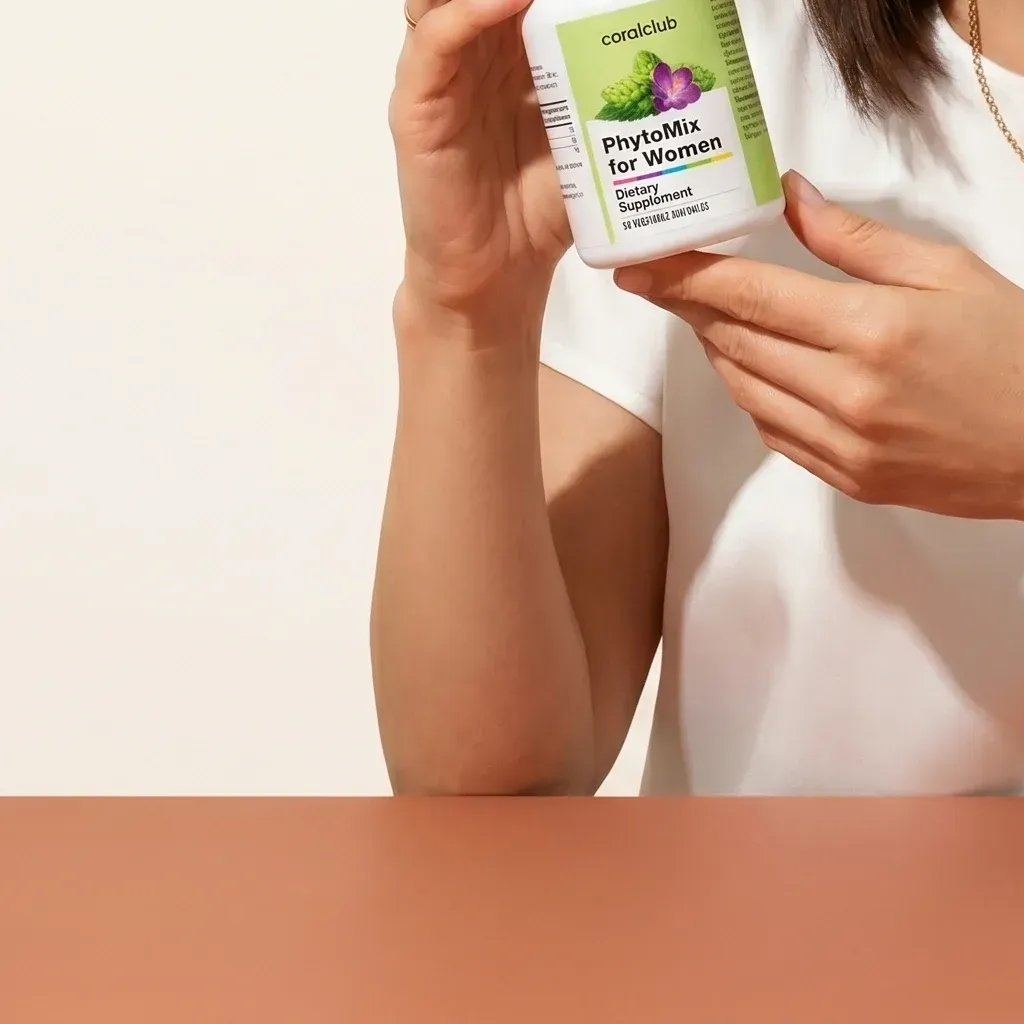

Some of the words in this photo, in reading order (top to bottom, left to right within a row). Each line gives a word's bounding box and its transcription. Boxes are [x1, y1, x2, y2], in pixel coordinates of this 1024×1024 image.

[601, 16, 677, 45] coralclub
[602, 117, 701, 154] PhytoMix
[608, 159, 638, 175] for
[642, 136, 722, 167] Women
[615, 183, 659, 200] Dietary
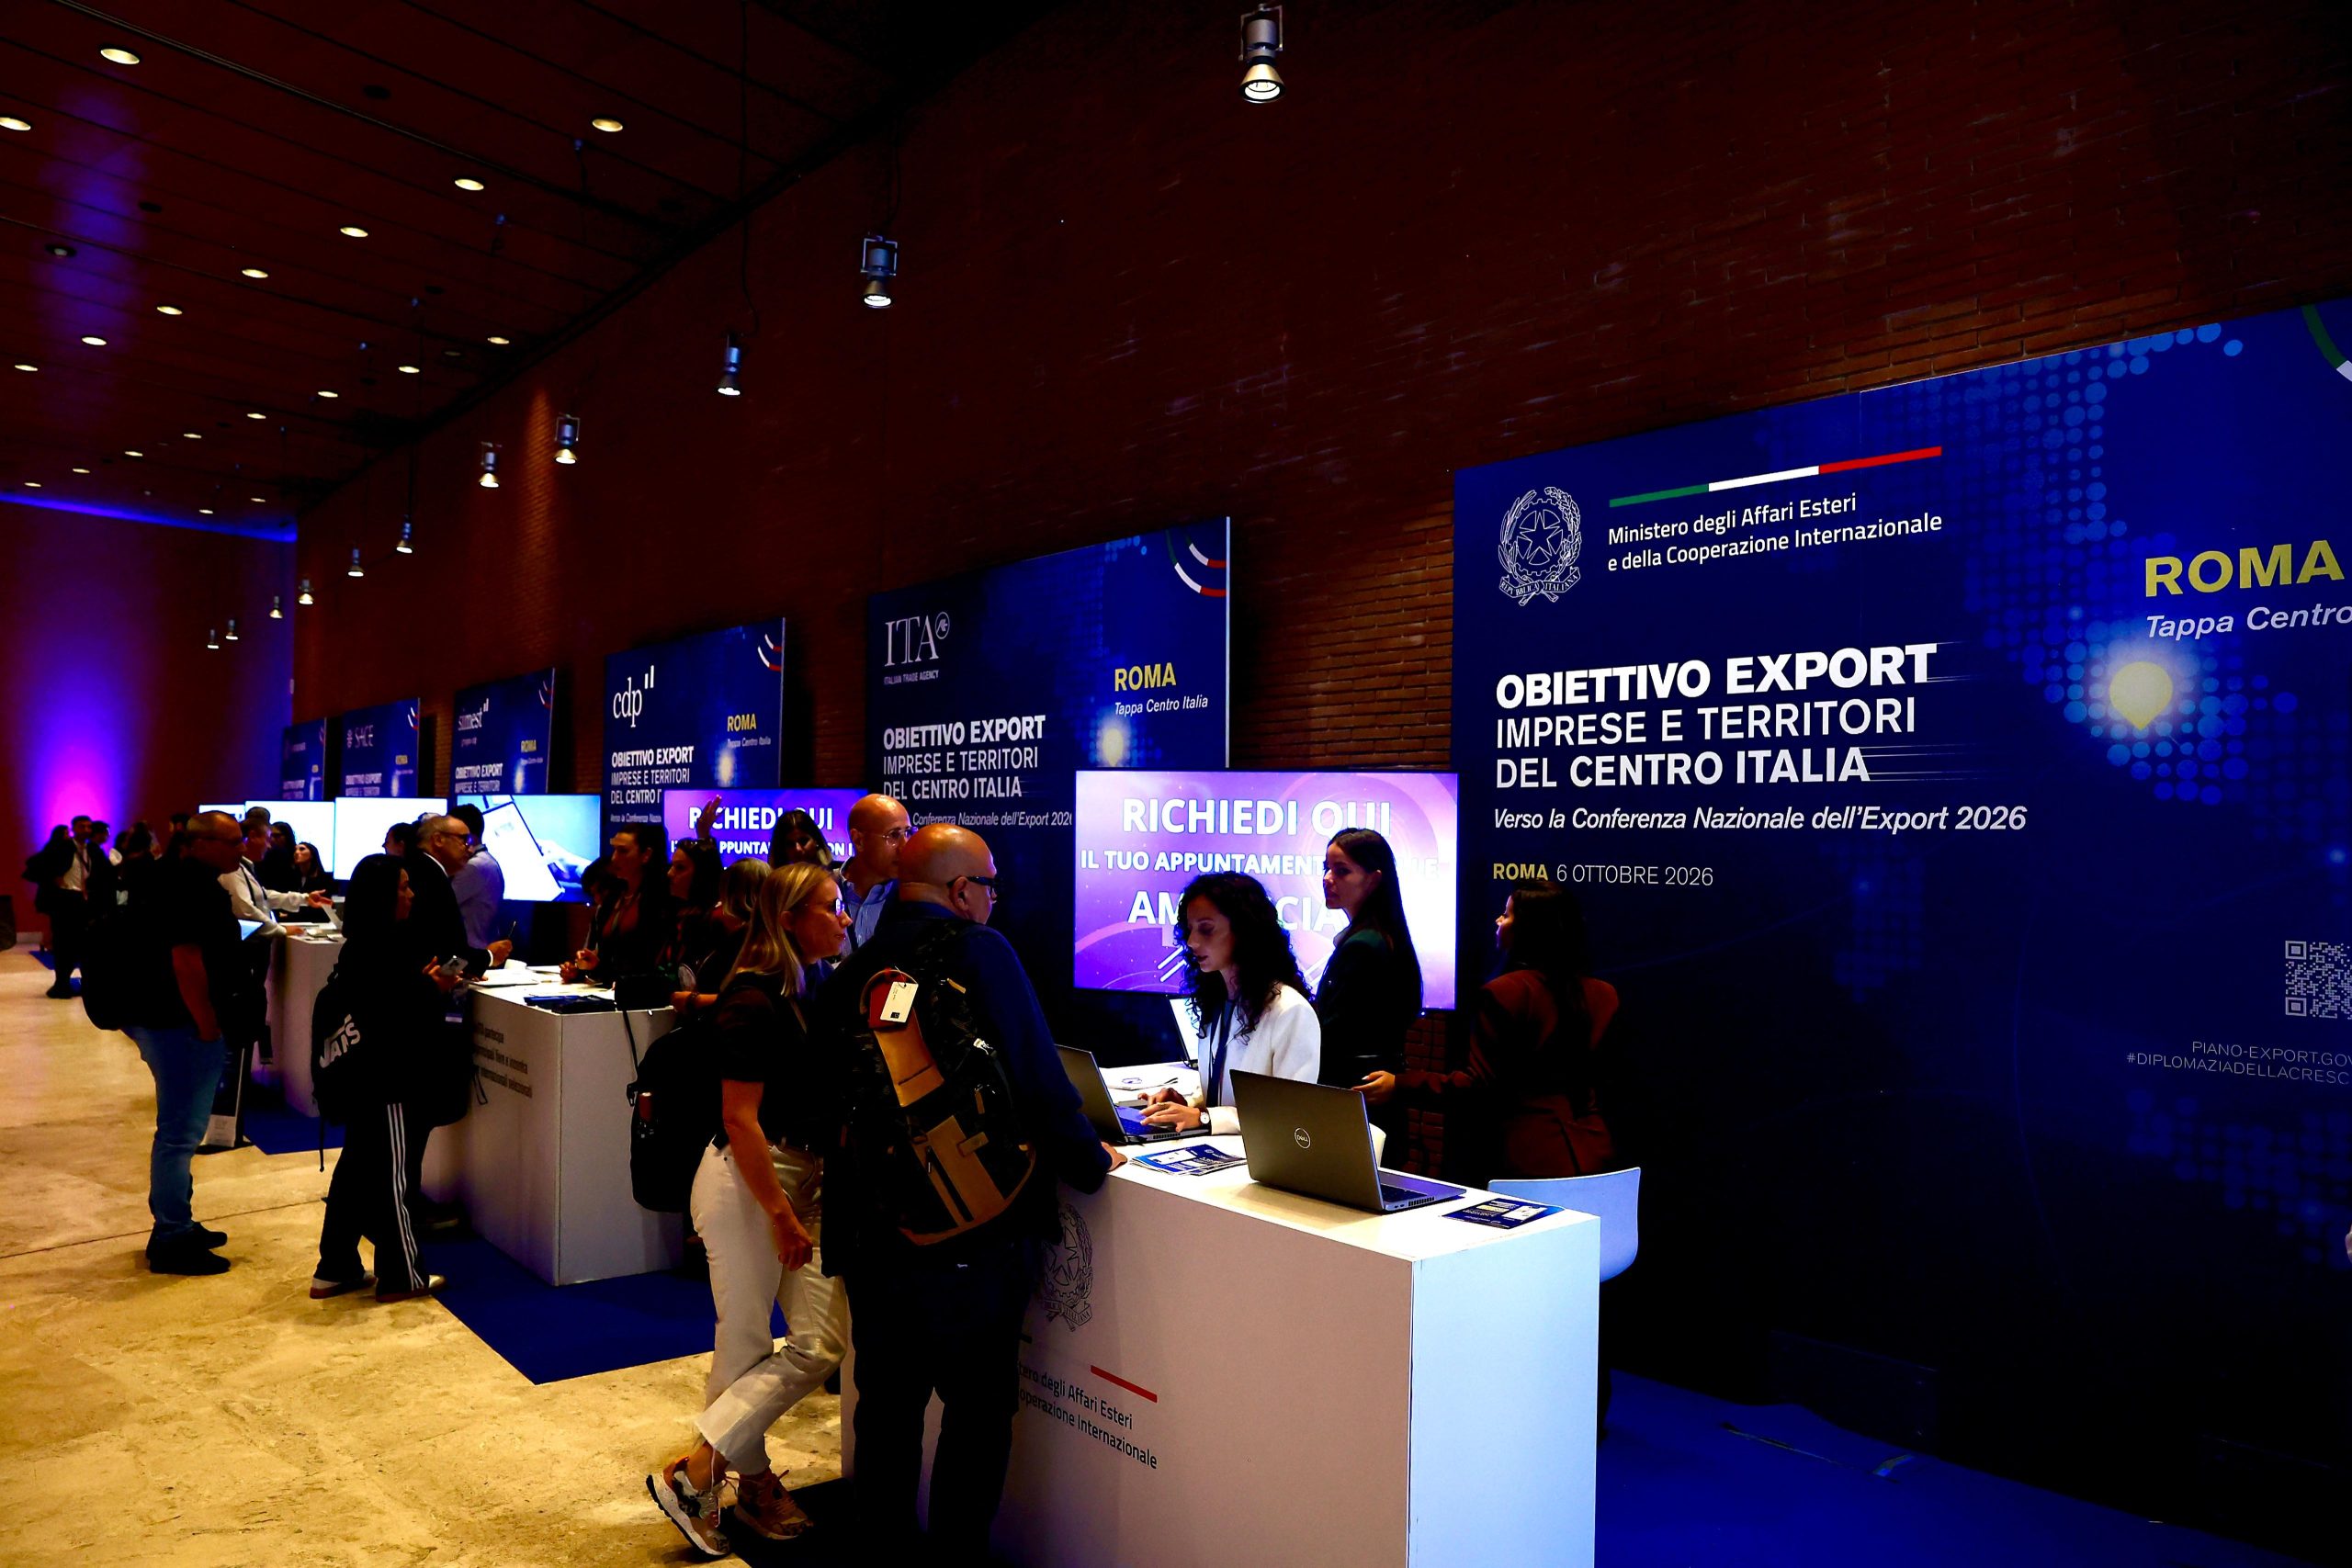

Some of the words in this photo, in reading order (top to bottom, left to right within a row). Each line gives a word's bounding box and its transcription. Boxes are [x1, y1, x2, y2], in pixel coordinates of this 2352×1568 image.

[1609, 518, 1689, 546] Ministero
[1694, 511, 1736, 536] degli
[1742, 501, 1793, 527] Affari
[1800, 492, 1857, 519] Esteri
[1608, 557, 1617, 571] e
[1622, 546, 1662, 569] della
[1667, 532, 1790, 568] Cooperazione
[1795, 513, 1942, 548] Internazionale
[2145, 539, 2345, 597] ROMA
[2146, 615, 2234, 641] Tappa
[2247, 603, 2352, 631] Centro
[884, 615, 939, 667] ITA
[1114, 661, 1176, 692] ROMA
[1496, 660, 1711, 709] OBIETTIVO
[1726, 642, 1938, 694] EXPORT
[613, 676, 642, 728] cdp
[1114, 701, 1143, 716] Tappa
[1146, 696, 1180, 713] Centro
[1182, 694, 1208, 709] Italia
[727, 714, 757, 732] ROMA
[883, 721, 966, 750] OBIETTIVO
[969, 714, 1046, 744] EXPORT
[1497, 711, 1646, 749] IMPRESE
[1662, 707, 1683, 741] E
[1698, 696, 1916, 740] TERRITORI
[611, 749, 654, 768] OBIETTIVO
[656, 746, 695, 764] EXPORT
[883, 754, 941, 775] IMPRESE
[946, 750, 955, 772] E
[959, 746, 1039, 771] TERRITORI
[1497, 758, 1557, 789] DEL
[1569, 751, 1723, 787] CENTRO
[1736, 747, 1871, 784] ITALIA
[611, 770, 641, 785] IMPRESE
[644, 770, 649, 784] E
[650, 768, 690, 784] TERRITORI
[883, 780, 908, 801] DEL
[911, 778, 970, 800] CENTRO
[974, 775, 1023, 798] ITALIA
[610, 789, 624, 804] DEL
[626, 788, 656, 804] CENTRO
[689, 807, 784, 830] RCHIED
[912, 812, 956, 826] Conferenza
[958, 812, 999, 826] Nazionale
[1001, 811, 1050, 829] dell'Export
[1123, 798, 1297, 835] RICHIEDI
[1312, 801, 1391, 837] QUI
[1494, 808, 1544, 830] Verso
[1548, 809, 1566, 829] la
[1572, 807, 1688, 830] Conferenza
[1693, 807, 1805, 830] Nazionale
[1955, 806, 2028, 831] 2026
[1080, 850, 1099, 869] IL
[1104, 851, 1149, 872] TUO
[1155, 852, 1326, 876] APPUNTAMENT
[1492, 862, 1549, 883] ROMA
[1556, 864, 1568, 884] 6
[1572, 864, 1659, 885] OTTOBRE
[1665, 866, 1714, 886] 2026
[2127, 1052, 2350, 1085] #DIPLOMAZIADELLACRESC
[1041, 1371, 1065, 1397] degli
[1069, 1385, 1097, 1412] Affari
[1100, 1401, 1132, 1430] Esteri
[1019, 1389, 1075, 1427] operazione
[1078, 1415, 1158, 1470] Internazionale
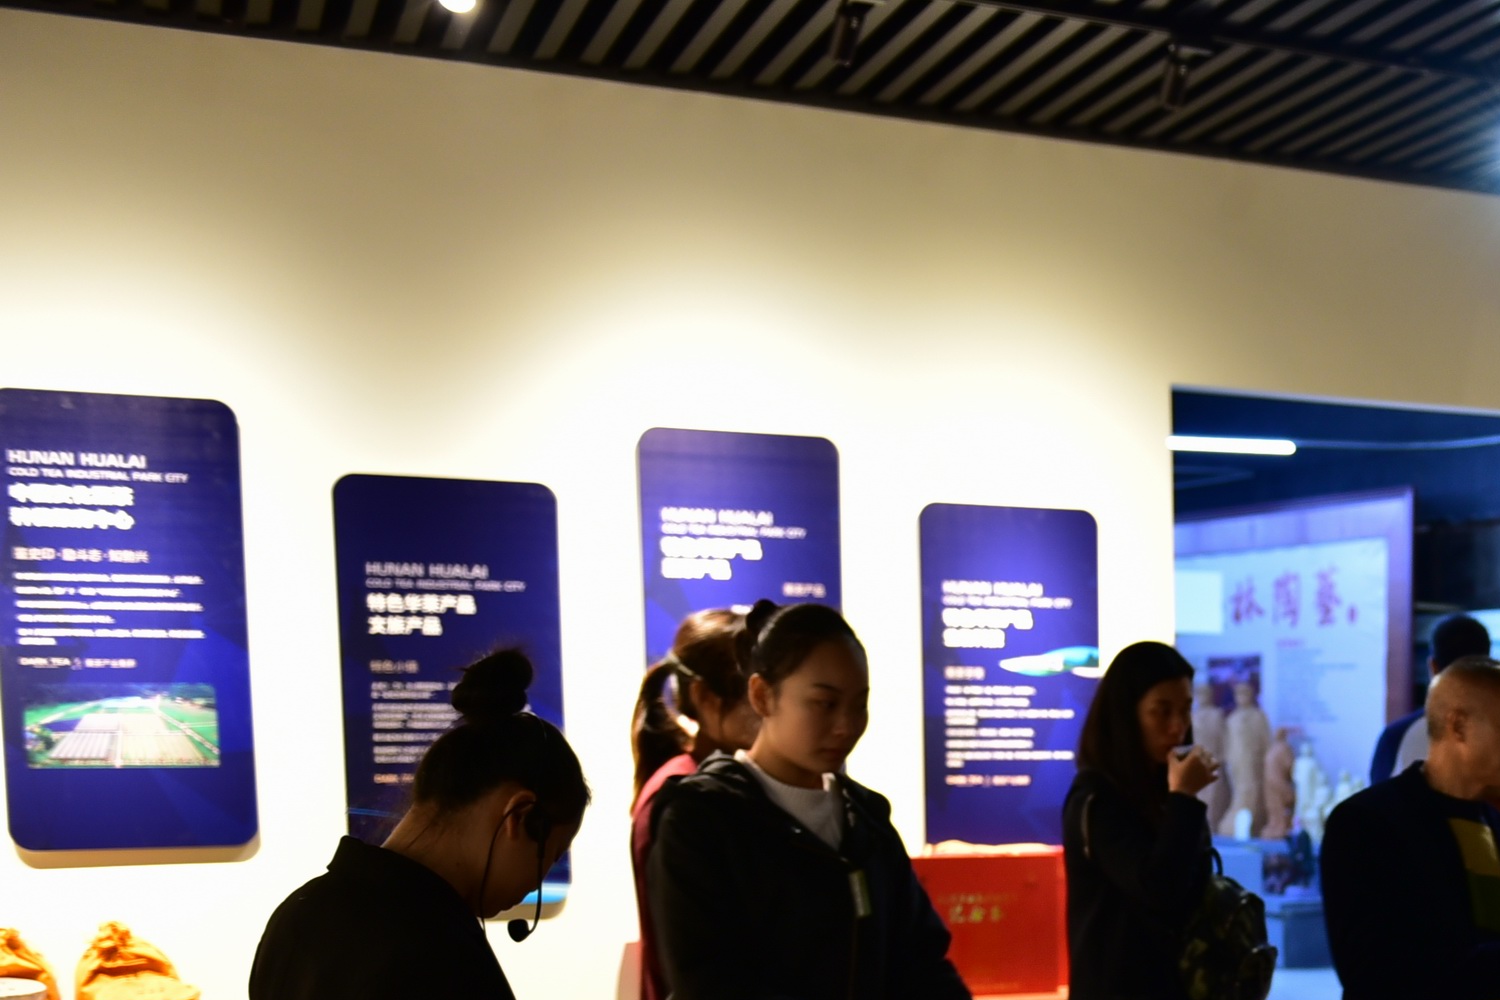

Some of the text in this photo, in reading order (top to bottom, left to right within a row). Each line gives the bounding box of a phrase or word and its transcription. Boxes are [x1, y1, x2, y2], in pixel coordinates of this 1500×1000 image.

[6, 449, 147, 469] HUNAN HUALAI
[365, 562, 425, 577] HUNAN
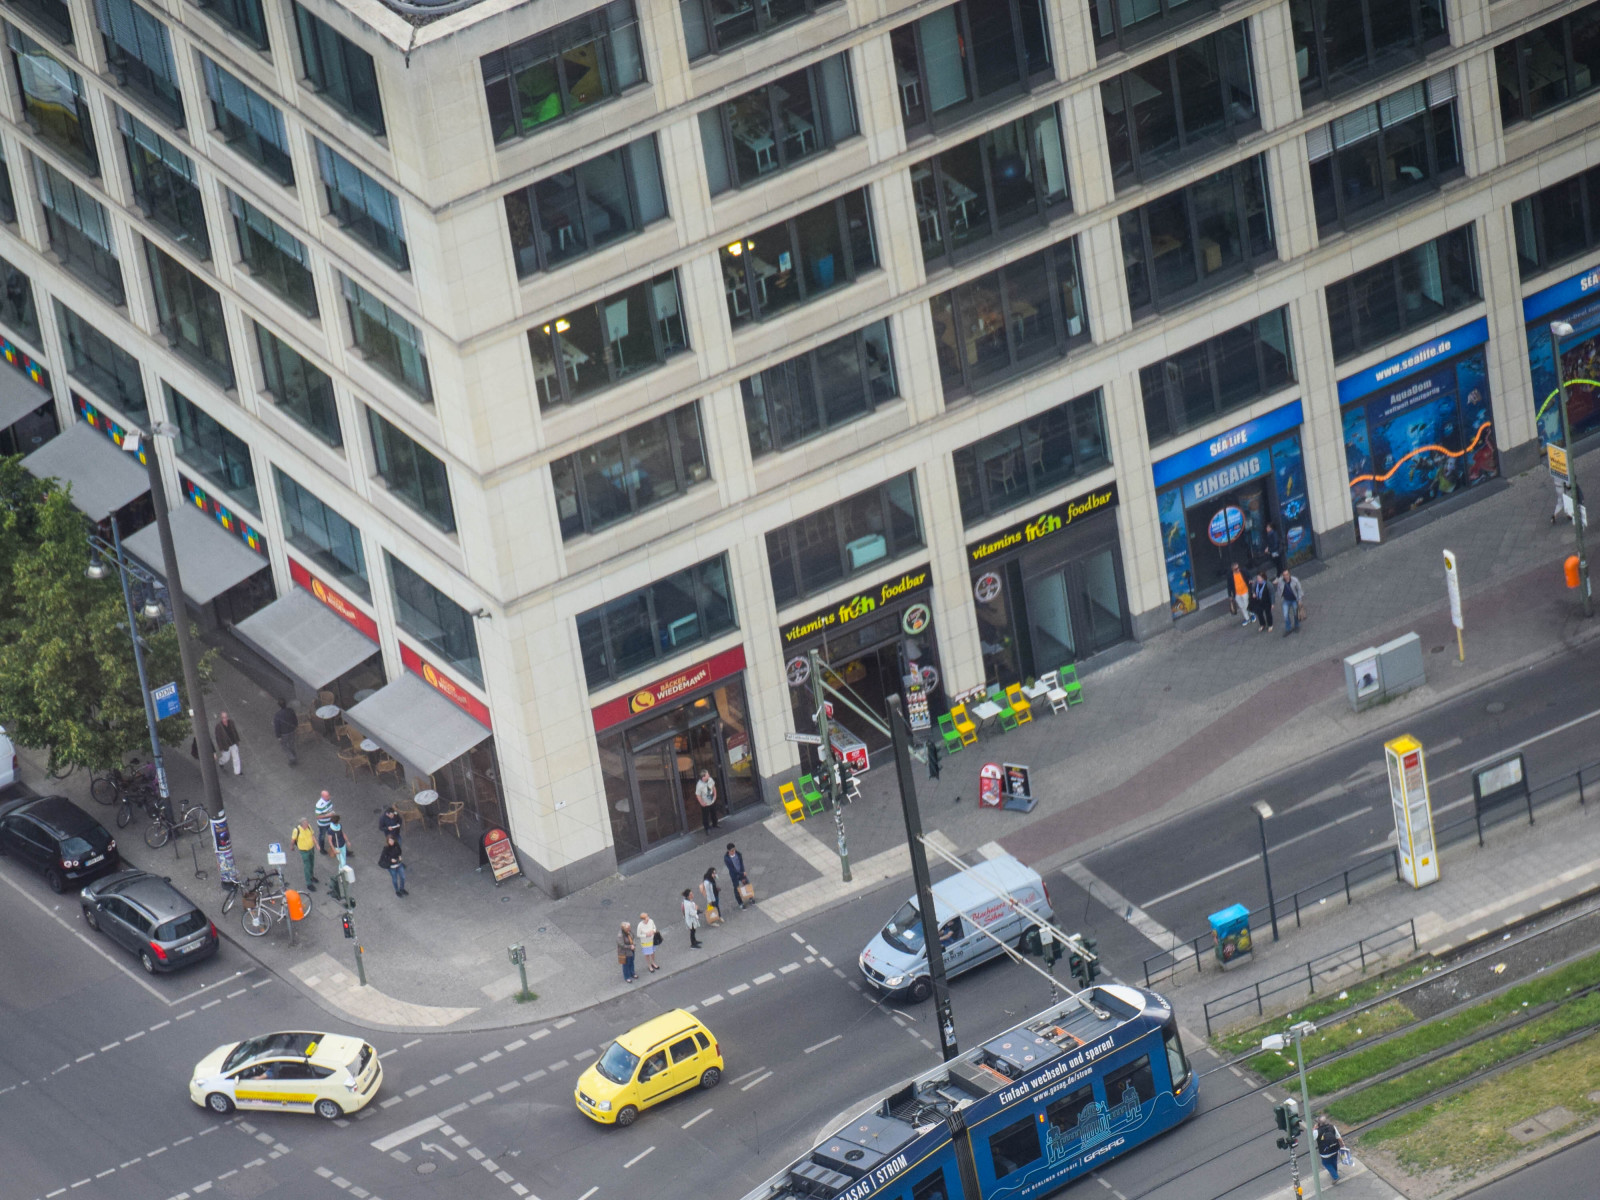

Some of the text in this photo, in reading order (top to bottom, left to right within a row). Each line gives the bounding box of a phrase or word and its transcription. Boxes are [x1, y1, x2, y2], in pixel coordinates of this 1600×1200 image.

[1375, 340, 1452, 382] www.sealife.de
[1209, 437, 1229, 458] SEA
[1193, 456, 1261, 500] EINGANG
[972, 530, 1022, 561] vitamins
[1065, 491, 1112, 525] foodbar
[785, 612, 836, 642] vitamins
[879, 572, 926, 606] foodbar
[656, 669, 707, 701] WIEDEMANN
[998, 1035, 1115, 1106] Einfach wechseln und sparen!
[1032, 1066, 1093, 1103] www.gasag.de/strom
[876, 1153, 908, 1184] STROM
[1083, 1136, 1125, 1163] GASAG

● ● ● ●

- WORK REQUEST: Exactly as written, set down the lines from the line holding "this 1500×1000 image." to the last line of the data, both ends included, pictures excluded.

- TASK SOLUTION:
Some of the text in this photo, in reading order (top to bottom, left to right within a row). Each line gives the bounding box of a phrase or word and its transcription. Boxes are [x1, y1, x2, y2], in pixel coordinates of this 1500×1000 image.

[6, 449, 147, 469] HUNAN HUALAI
[365, 562, 425, 577] HUNAN

Some of the text in this photo, in reading order (top to bottom, left to right within a row). Each line gives the bounding box of a phrase or word and its transcription. Boxes are [x1, y1, x2, y2], in pixel coordinates of this 1600×1200 image.

[1375, 340, 1452, 382] www.sealife.de
[1209, 437, 1229, 458] SEA
[1193, 456, 1261, 500] EINGANG
[972, 530, 1022, 561] vitamins
[1065, 491, 1112, 525] foodbar
[785, 612, 836, 642] vitamins
[879, 572, 926, 606] foodbar
[656, 669, 707, 701] WIEDEMANN
[998, 1035, 1115, 1106] Einfach wechseln und sparen!
[1032, 1066, 1093, 1103] www.gasag.de/strom
[876, 1153, 908, 1184] STROM
[1083, 1136, 1125, 1163] GASAG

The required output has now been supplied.